Search code examples
sortingverificationloop-invariantdafny

(Dafny) Sorting an array - loop invariant


Here is a simple sort algorithm written in Dafny :

predicate perm(a:array<int>, b:array<int>)
    requires a != null && b != null
    reads a,b
{
    multiset(a[..]) == multiset(b[..])
}

predicate sorted(a:array<int>, min:int, max:int)
    requires a != null
    requires 0 <= min <= max <= a.Length 
    reads a
{
    forall i,j | min <= i < j < max :: a[i] <= a[j] 
}
method sort(a:array<int>)
    requires a != null
    requires a.Length >= 1
    modifies a
    ensures perm(a,old(a))
    ensures sorted(a, 0, a.Length)
    
{
    var i := 1;
    while i < a.Length 
        invariant perm(a,old(a))
        invariant 1 <= i <= a.Length
        invariant sorted(a, 0, i)       
        decreases a.Length-i
    {
        var j := i;
    
        while j > 0 && a[j-1] > a[j] 
            invariant perm(a,old(a))
            invariant 1 <= i <= a.Length-1
            invariant 0 <= j <= i
            invariant sorted(a,0,j)
            invariant sorted(a,j,i+1) //MIGHT NOT BE MAINTAINED IF I REMOVE THE NEXT INVARIANT
            invariant forall m,n | 0 <= m < j < n <= i :: a[m] <= a[n]
            decreases j
        {
            a[j], a[j-1] := a[j-1], a[j];
            j := j-1;
        }
        i := i+1;
    }
}

The code has no error. However, if I remove the invariant forall m,n | 0 <= m < j < n <= i :: a[m] <= a[n] out of the inner loop, Dafny tells me that the invariant sorted(a,j,i+1)might not be maintained by the loop.

  1. Why is that?

  2. How can one guess that the invariant forall m,n | 0 <= m < j < n <= i :: a[m] <= a[n] is needed in the first place?

    I have tried to prove this program on paper but I did not need this invariant when constructing the inner loop's invariants.


Solution

  • Why is sorted(a,j,i+1) not maintained without the extra invariant?

    Remember what verifying a loop invariant requires. It requires starting in an arbitrary state satisfying the loop invariant, executing the loop body, and then proving you end in a state satisfying the loop invariant. In other words, nothing beyond the loop invariants can be assumed.

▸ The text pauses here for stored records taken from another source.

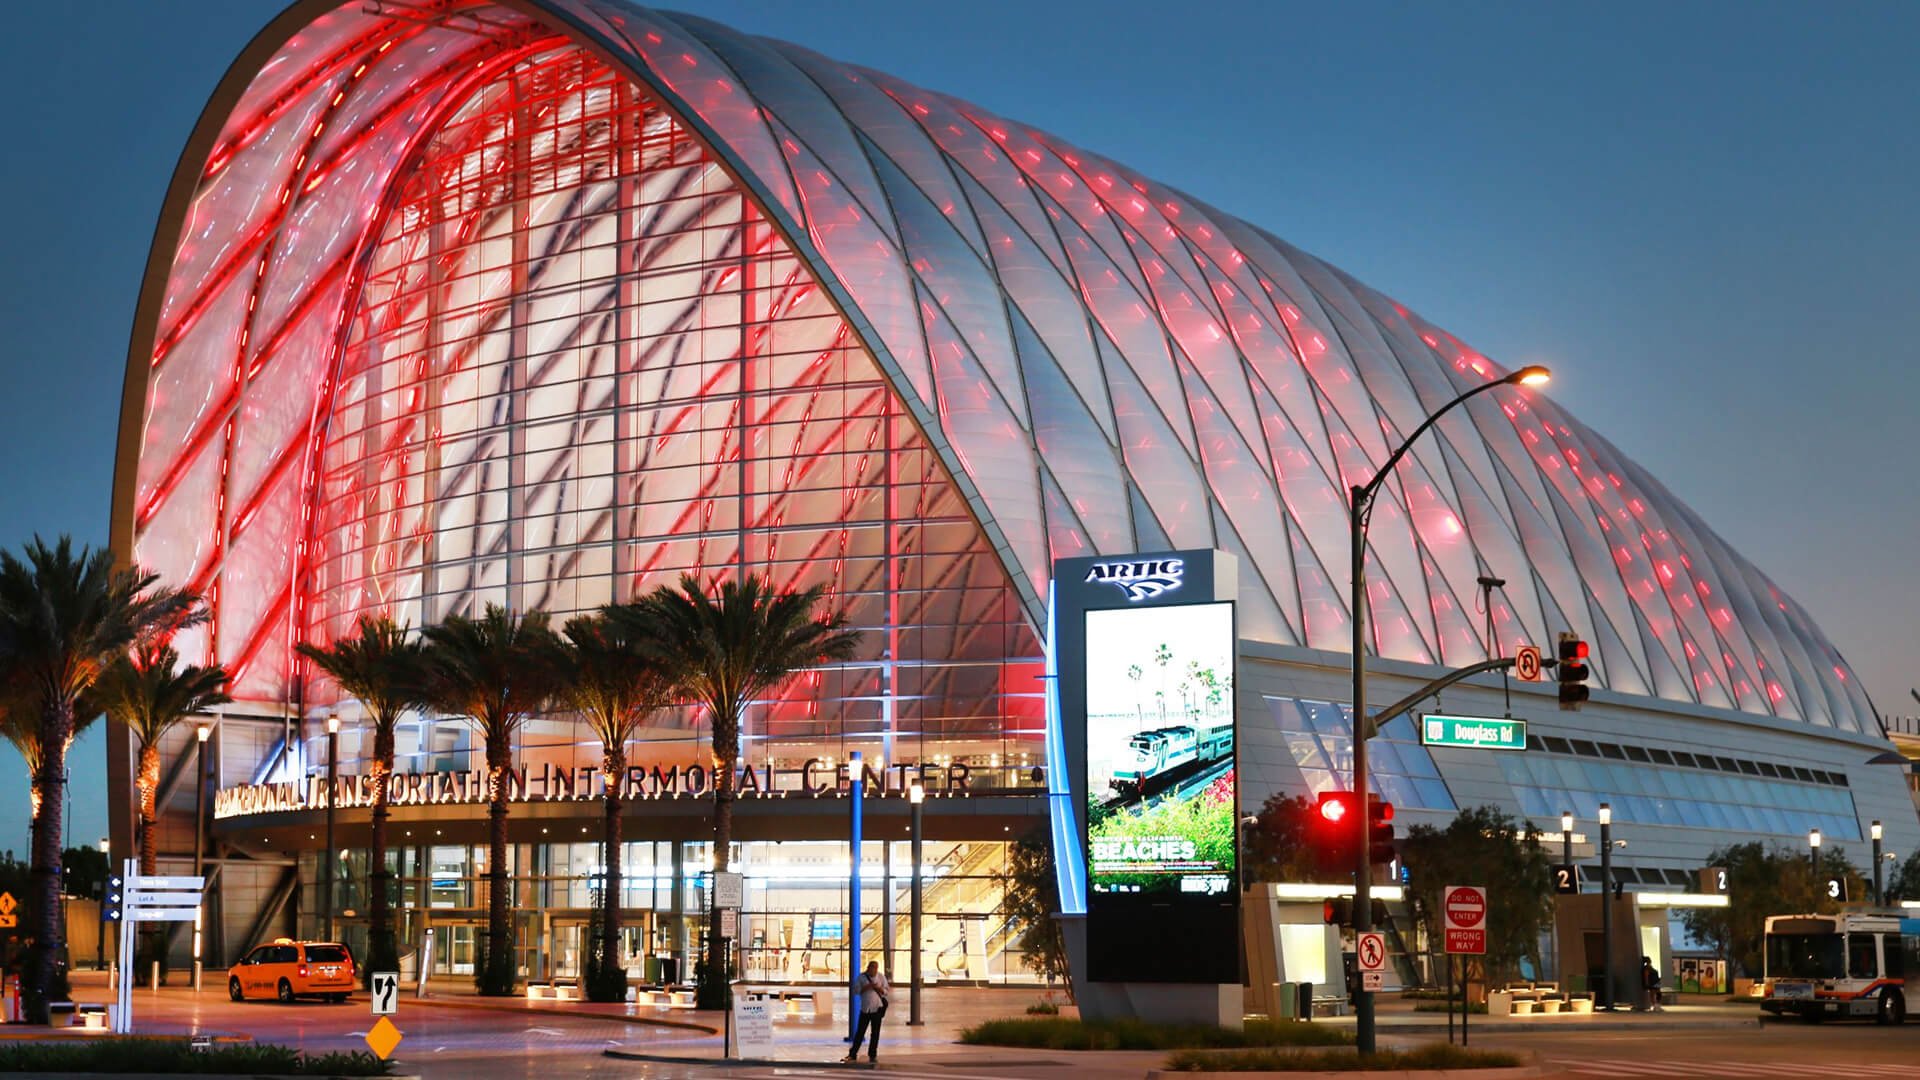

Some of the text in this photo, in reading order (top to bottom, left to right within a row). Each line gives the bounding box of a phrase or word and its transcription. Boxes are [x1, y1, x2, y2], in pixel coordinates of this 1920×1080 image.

[1083, 559, 1183, 581] ARTIC
[1454, 723, 1513, 745] Douglass Rd
[543, 762, 787, 799] INTRMOAL
[802, 758, 970, 798] CENTER
[1094, 841, 1195, 860] BEACHES
[1389, 859, 1397, 881] 1
[1557, 870, 1570, 888] 2
[1718, 871, 1726, 890] 2
[1828, 880, 1840, 898] 3
[1465, 895, 1479, 903] NOT
[1454, 912, 1478, 920] ENTER
[1450, 932, 1481, 941] WRONG
[1455, 941, 1475, 950] WAY

    Without the extra loop invariant, nothing stops the region a[0..j] from containing elements larger than a[j..i+1]. In particular, while the loop is executing, we know that a[j-1] > a[j], so what's to say that a[j-1] isn't also larger than every a[k] with k >= j?

    How can we guess the extra invariant?

    One way to think about the inner loop of insertion sort is that it maintains an invariant kind of like "a is sorted except at a[j]". In fact, it maintains something slightly stronger, which is that "a is sorted, except that a[j] might be out of order (ie, smaller) than any a[k] with k < j.

    We can express this as a modified version of your sorted predicate:

    invariant forall m,n | 0 <= m < n < i+1 && n != j :: a[m] <= a[n]
    

    which says that a is sorted at all pairs of indices except for those where the second index is j.

    In fact, the inner loop verifies with just this invariant (ie, without either of the sorted invariants or the "extra" invariant).

    We can look at your "extra" invariant as another way of expressing this more concise invariant when conjoined with sorted(a,0,j) and sorted(a,j,i+1). For any pair of indices, if they both fall below j, then sorted(a,0,j) applies. If they both fall above or at j, then sorted(a,j,i+1) applies. If one falls below j and one strictly above j, then the extra invariant applies. The only remaining case is when the larger index is exactly j, but this is the case ruled out by the concise statement.